According to the NGO Shipbreaking Platform, 630 ocean-going commercial ships and offshore units were sold to scrap yards in 2020. Of these vessels, 446 were scrapped on the shores of Bangladesh, India and Pakistan, amounting to almost 90% of the gross tonnage dismantled globally.

Unscrupulous shipping companies sell vessels to scrap dealers, known as cash buyers, that are often linked to these illicit beaching yards. Here, ships are grounded before being broken apart on tidal mudflats, where it is impossible to contain pollutants.

“Our agreement with our buyer regulates all aspects of responsible recycling,” says Svensson. “That means when we sell our ships to a recycling yard, our policy states that they are not allowed to sell it on to any other entity than the agreed and pre-approved recycling facility. Carefully vetting not only the yards in question but buyers too, ensures that all waste and recycled materials are treated properly and traceably.”

Customers, cargo owners, investors and financial stakeholders can use information from the SRTI to make informed decisions about the companies they do business with.
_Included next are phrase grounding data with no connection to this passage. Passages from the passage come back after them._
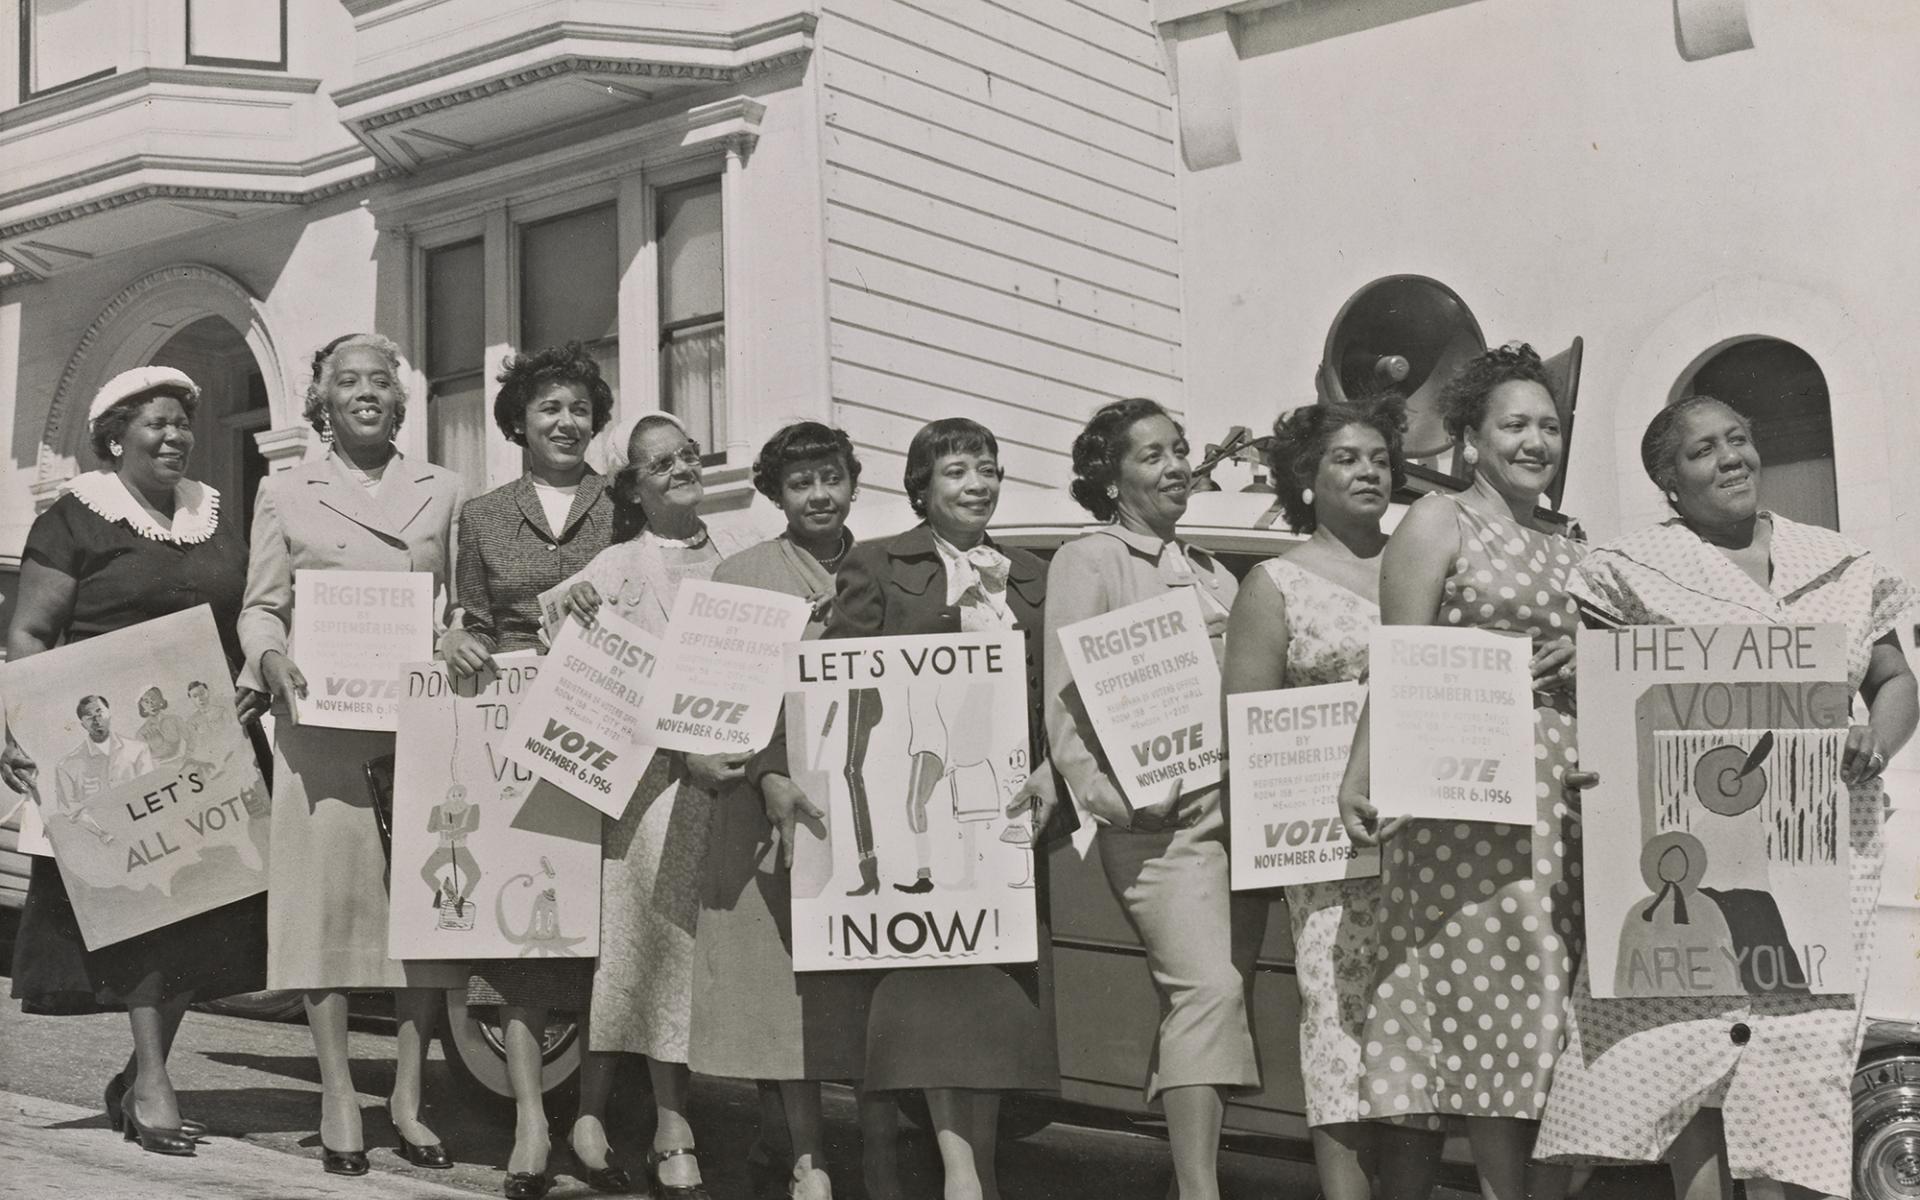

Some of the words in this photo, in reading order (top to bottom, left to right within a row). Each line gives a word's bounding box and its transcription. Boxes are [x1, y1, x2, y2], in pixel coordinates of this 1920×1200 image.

[313, 582, 416, 608] REGISTER
[688, 592, 792, 629] REGISTER
[312, 620, 381, 635] SEPTEMBER
[680, 631, 745, 652] SEPTEMBER
[1078, 610, 1188, 664] REGISTER
[577, 620, 657, 679] REGIST
[799, 649, 885, 682] LET'S
[900, 644, 1003, 676] VOTE
[1131, 652, 1146, 666] BY
[1391, 639, 1513, 673] REGISTER
[1608, 627, 1719, 671] THEY
[1732, 626, 1816, 670] ARE
[325, 677, 400, 699] VOTE
[563, 654, 627, 699] SEPTEMBER
[609, 665, 627, 679] BY
[1095, 663, 1162, 697] SEPTEMBER
[1443, 673, 1459, 684] BY
[316, 699, 373, 713] NOVEMBER
[672, 693, 750, 725] VOTE
[1391, 684, 1471, 702] SEPTEMBER
[1665, 681, 1836, 730] VOTING
[476, 703, 509, 732] TO
[656, 717, 713, 739] NOVEMBER
[1246, 700, 1359, 735] REGISTER
[524, 736, 579, 776] NOVEMBER
[543, 717, 619, 771] VOTE
[1130, 721, 1204, 768] VOTE
[1295, 735, 1312, 746] BY
[1136, 760, 1188, 788] NOVEMBER
[1249, 747, 1321, 770] SEPTEMBER
[1431, 756, 1501, 783] OTE
[125, 772, 204, 822] LET'S
[127, 831, 181, 873] ALL
[184, 785, 266, 836] VOTE
[1263, 817, 1346, 849] VOTE
[1254, 849, 1317, 870] NOVEMBER
[1627, 945, 1712, 990] ARE
Regulatory standards to ensure responsible recycling

To try to curb this illicit trade and regulate the recycling process, there are several regulations in place. The European Ship Recycling Regulation, for example, states that EU-flagged vessels must be recycled in safe and environmentally sound facilities that are included in the European list of approved ship recycling facilities, while the European Waste Shipment Regulation prohibits vessels with any other flag to be taken from an EU port for recycling outside the OECD (Organisation for Economic Co-operation and Development). In addition, the Basel Convention regulates exports of waste from an OECD country to a non-OECD country.
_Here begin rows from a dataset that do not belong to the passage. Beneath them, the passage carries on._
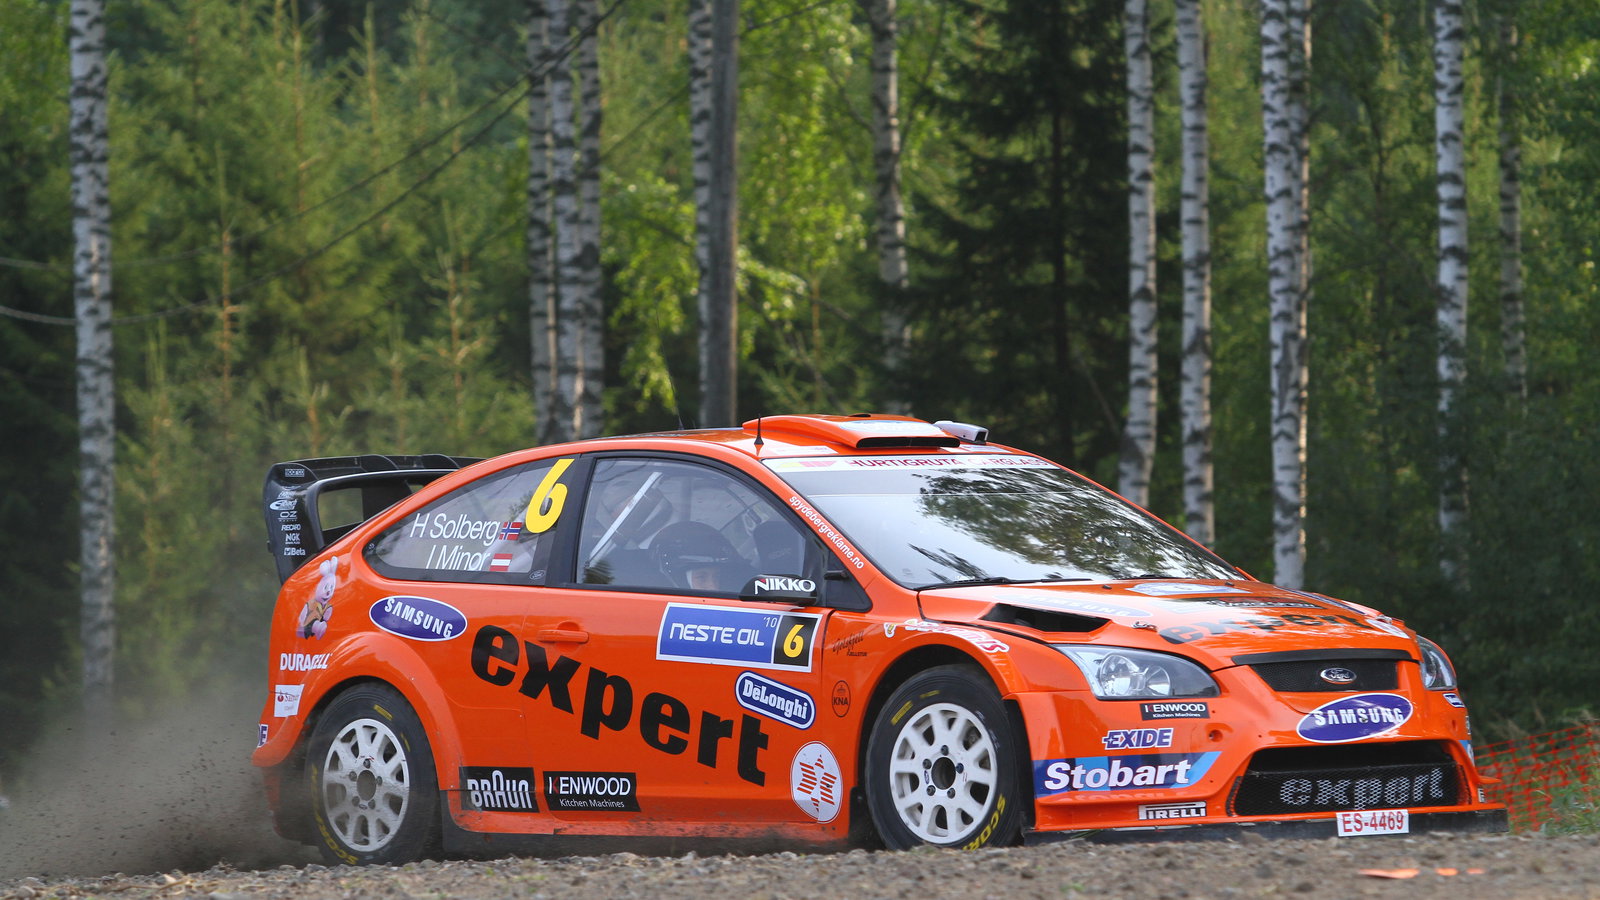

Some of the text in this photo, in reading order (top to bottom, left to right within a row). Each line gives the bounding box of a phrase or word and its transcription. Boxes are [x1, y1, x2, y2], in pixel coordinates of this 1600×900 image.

[525, 458, 575, 534] 6
[285, 533, 300, 541] NGK
[410, 513, 501, 546] H Solberg
[789, 495, 865, 569] spydebergreklame.no
[425, 545, 490, 571] I Minor
[754, 578, 816, 594] NIKKO
[384, 597, 454, 639] SAMSUNG
[669, 623, 765, 647] NESTE OIL
[783, 624, 804, 658] 6
[471, 624, 769, 787] expert
[833, 696, 849, 706] KNA
[1144, 703, 1206, 713] KENWOOD
[1314, 707, 1404, 726] SAMSUNG
[1104, 729, 1173, 749] EXIDE
[548, 776, 631, 796] KENWOOD
[1044, 759, 1191, 790] Stobart
[467, 770, 533, 808] BRAUN
[1280, 768, 1444, 810] expert
[559, 799, 625, 808] Kitchen Machines
[1138, 801, 1207, 820] PIRELLI
[962, 793, 1006, 852] SCOR
[1342, 812, 1404, 833] ES-4469
One of the challenges facing shipping companies, however, is that there isn’t enough capacity to provide recycling in line with these requirements. “Currently vessel recycling capacity in the EU is low, even though there is a need for a large volume,” admits Svensson, adding that Covid-19 has also had an impact by creating a backlog of ships waiting to be dismantled.

While there are a number of approved recycling yards outside of the EU, namely in Turkey and the US, looking to the future it is hoped that regulations will be put in place to approve more to prevent certain owners opting to have their ships recycled in non-regulated areas.

“As a socially responsible shipping company, we remain committed to green ship recycling and ensuring that all our ships are recycled in the most sustainable, safe and environmentally friendly way possible,” concludes Svensson.

The benefits of green ship recycling

  1. Ensure hazardous materials that pose a threat to both marine and human life are properly disposed of.
  2. Protect workers carrying out recycling by providing them with the correct safety equipment.
  3. Conserve marine ecosystems and the environment by removing all waste and debris.
  4. Recycle and reuse valuable materials, including steel, in other industries.
  5. Offer more green recycling jobs and a safe workplace.